— What is required —
All lines below must be repeated exactly, with the pictures omitted.

— Dataset records —
##########
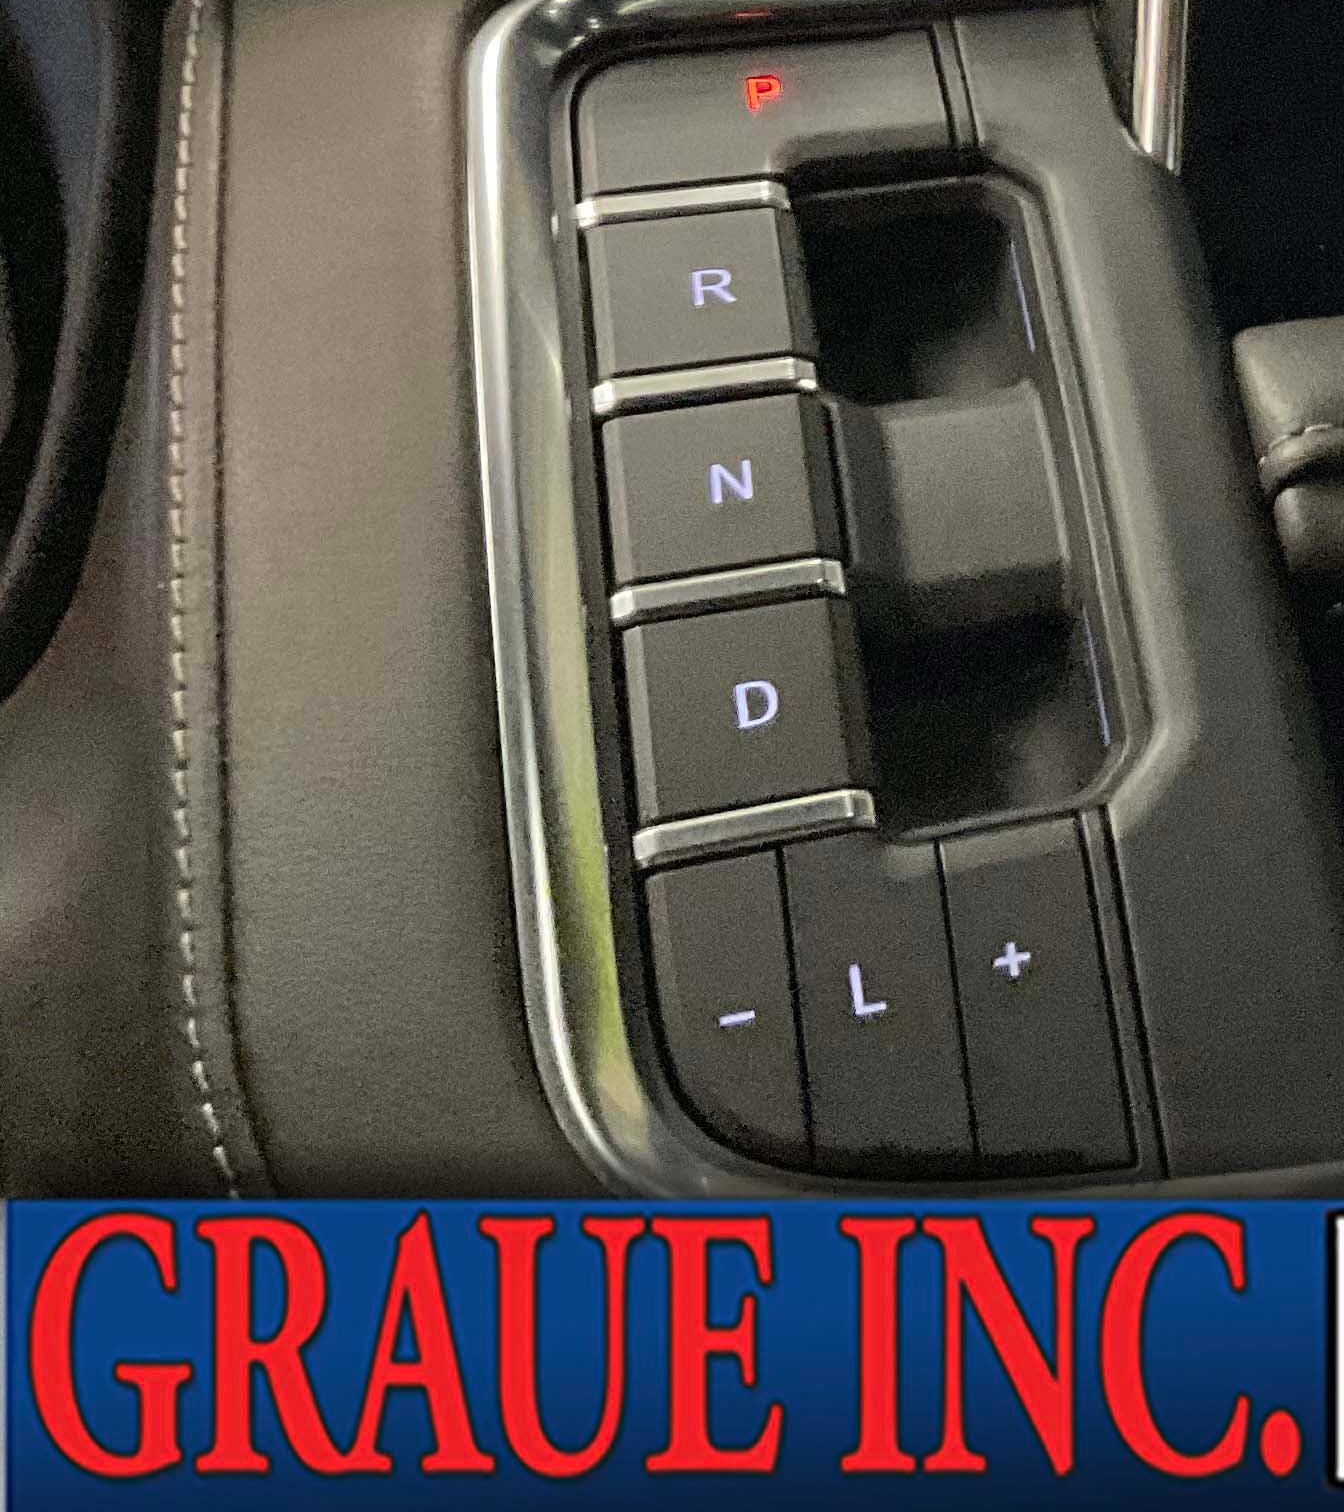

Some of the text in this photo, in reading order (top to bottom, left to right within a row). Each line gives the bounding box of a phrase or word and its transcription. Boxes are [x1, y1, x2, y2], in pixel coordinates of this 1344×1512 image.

[744, 74, 783, 112] P
[691, 268, 738, 307] R
[709, 459, 754, 505] N
[733, 680, 778, 729] D
[849, 964, 887, 1016] L
##########
— Solution to this task —
Some of the text in this photo, in reading order (top to bottom, left to right within a row). Each line gives the bounding box of a phrase or word and its transcription. Boxes are [x1, y1, x2, y2], in pixel coordinates of this 1344×1512 image.

[744, 74, 783, 112] P
[691, 268, 738, 307] R
[709, 459, 754, 505] N
[733, 680, 778, 729] D
[849, 964, 887, 1016] L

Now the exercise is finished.